Re: shopping for a t.t. and need help!!

Heartland RV is not building the Trail Runner anymore from what I have heard.  I think you should go with the Surveyor


----------



## TexasClodhopper (Aug 8, 2006)

Re: shopping for a t.t. and need help!!

I think you should spend time on this forum SEARCHING for information, because I know there has been plenty offered here in the recent past.  You can find the SEARCH function on the first page.  You will gather a lot of information from previous posts.


----------



## slipslid (Sep 19, 2006)

Re: shopping for a t.t. and need help!!

My husband and I have been RVing over 35 years.  When looking for a T.T. always check out the kitchen area, if you cook, is there enough counter top for cooking, or do you need a coffee pot for all day use and where is it going to go??  Also lay on the bed, is there enough room for legs and head room?  Go into the bathroom and sit on toilet, is there enough room for legs, and if it has a shower, stand in the shower and make sure you have ample room to touch your feet.  Remember you have to live in your trailer while camping so really check it out.  We have never bought top of the line trailers, and have never had a problem, in fact just got a new 2007 Puma 25RK.....retirement is great !!  Good luck


----------



## landrol (Sep 26, 2006)

Re: shopping for a t.t. and need help!!

How about this, if you don't have an answer, just skip the post.  Lets try to be more helpful, instead of more critical.

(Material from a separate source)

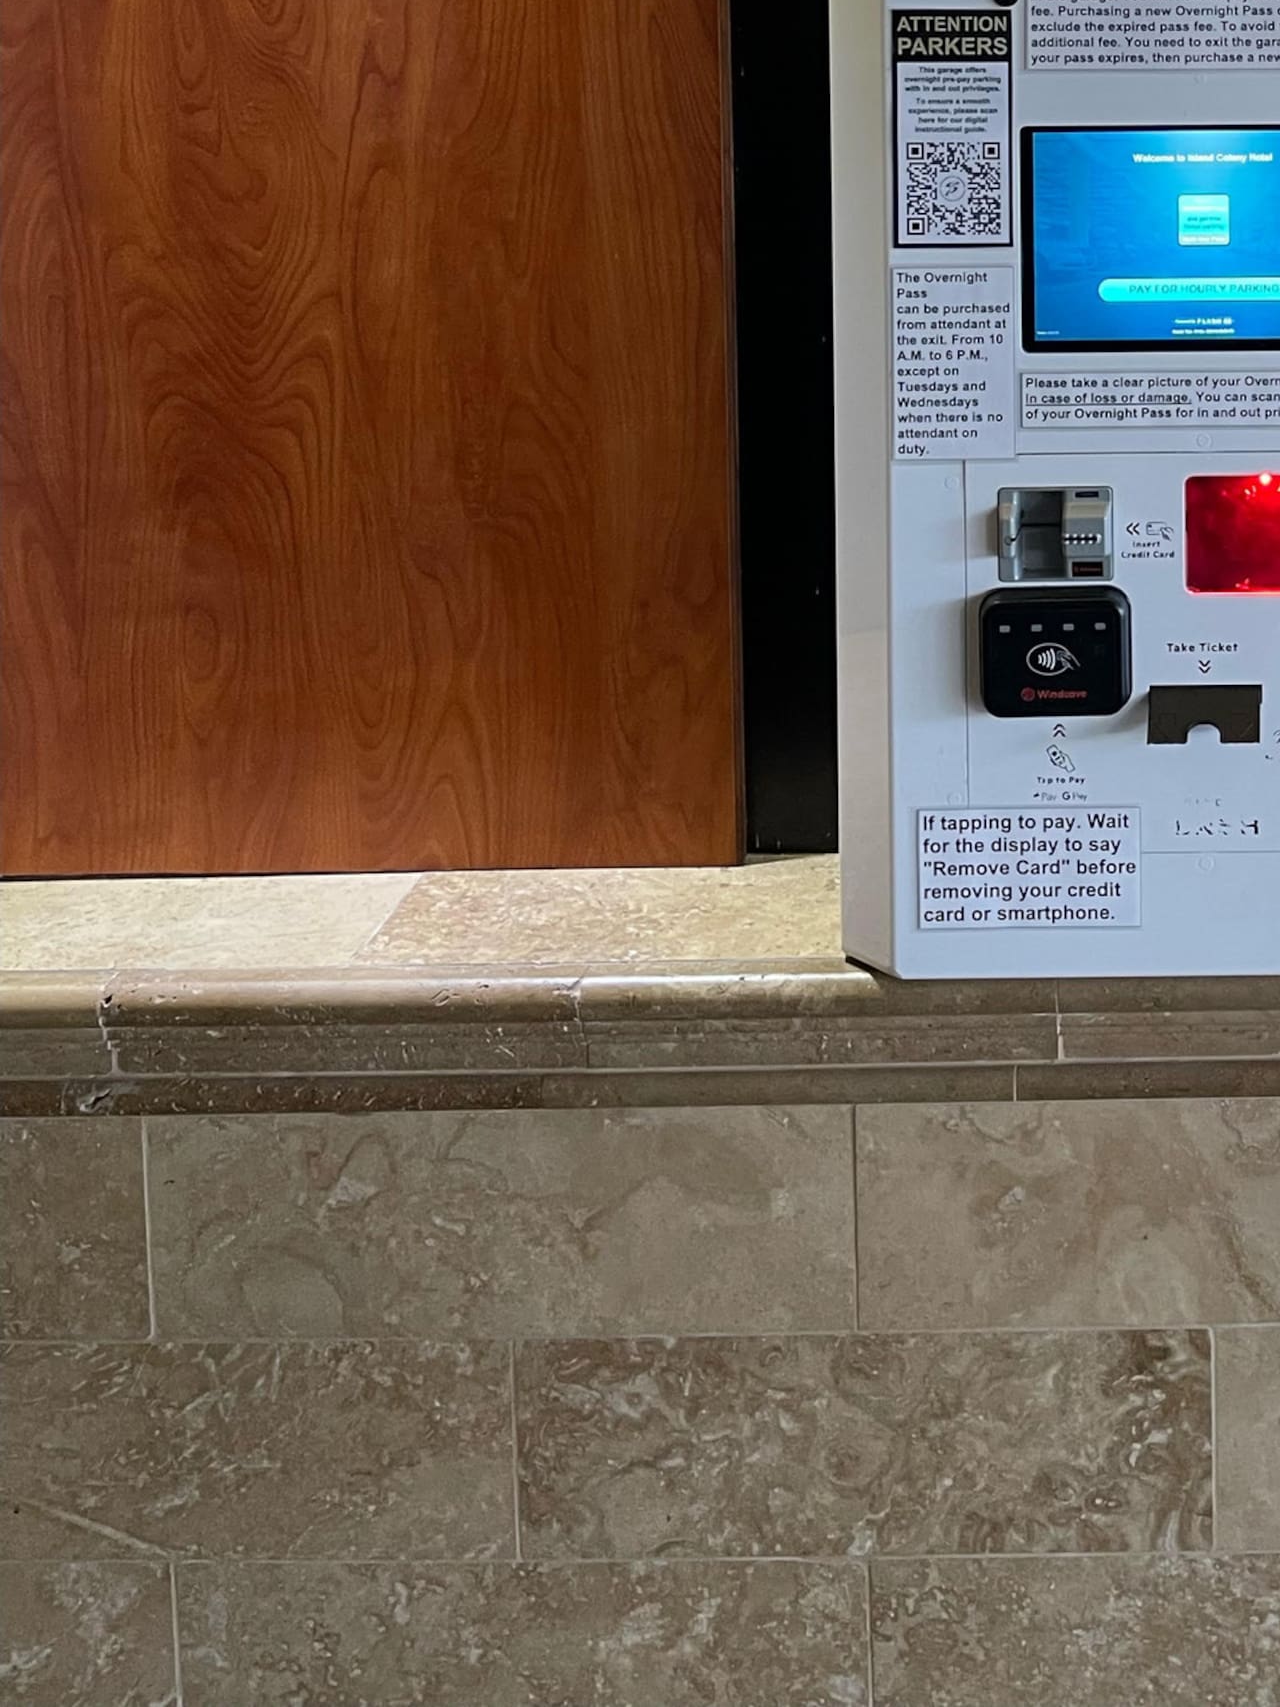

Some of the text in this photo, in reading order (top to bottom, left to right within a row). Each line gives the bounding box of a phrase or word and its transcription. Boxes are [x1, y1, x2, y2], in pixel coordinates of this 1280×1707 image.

Just out of curiosity, what was she suppose to SEARCH on?





> TexasClodhopper - 8/8/2006  2:21 PM
> 
> I think you should spend time on this forum SEARCHING for information, because I know there has been plenty offered here in the recent past.  You can find the SEARCH function on the first page.  You will gather a lot of information from previous posts.


----------



## TexasClodhopper (Sep 26, 2006)

Re: shopping for a t.t. and need help!!



Well, isn't your post and example of your post? Perhaps you should skip a comment until you become more than a 'Posts: 1'?

PS. Welcome to the forum.


----------



## C Nash (Sep 26, 2006)

Re: shopping for a t.t. and need help!!

Here you go again Clodhopper getting us into trouble   :laugh:


----------



## TexasClodhopper (Sep 26, 2006)

Re: shopping for a t.t. and need help!!

I know.  I shoulda kept my mouth shut.  :blackeye:


----------



## Micah (Sep 26, 2006)

Re: shopping for a t.t. and need help!!

Thats a hell of a way for a new guy to start  out  on the forum.  Giv'em the business Texas.
    Hows the trip going?     Keep the shiny side up.  Jerry


----------



## C Nash (Sep 26, 2006)

Re: shopping for a t.t. and need help!!

landrol, what Clodhopper was doing was trying to help by telling the poster that there had been or may have been some questions along this line on previous post.  Sometimes if we don't have an answer to the question posted we will tell the poster to go to search which is in the left top of the forum.  Now old Clodhopper don't need no help splaining what he is doing cause he can really lay it on if riled so I'm just trying to let you know what search is for.  See he did welcome you to the forum and so do I


----------



## bazzer (Sep 27, 2006)

Re: shopping for a t.t. and need help!!

Hi Chelse & Tex, I see your in trouble again tex ,don't let it get to you just let it fly over your head, but take your hat off fist :laugh: . how are you all doing,keeping well I hope, Isee you managed to load some pictures Chelse, I took your advice and swaped the bed slide to the other side to open up the patio, thanks for that. I've been re-drawing the layout and working on the exterior looks & style trying to make it look less boxy without compromising the internal layout or hight which is for me important as I am 6'3", I am also trying to make the rig as green as possible so the design of the chassis is a major challenge trying to fit every thing in & still leave as much basement storage as possible, I'm fitting two grey tanks one to take kitchen,wash/machine& dishwasher water & one to take shower/washbasin waste, this will be used to flush the toilet& then to a blackwater tank, also within the rails will be gas (LPG) tank,air tanks (for brakes& susspension), hot water calorifier, generator,4or5 250AH batteries & gasoil tank, in the side storage will be hot water circulation pump,domestic pump,inverter, heating, cooling plant, electrical panel& fire controll, hydrulic pump (for slides& levelling) plus filling points, waste points,external gas point& hot/cold shower outlet, all of which take a lot of planning. I will be putting designs on albums when I've got them finnished.    Bazzer


----------



## TexasClodhopper (Sep 27, 2006)

Re: shopping for a t.t. and need help!!

Yeah, I guess some people just get carried away with theirselves sometimes.  That's why I always take BAD reviews of RV parks with a grain of salt, too.  Some people just fly off the handle and start shooting everything in site without picking their targets.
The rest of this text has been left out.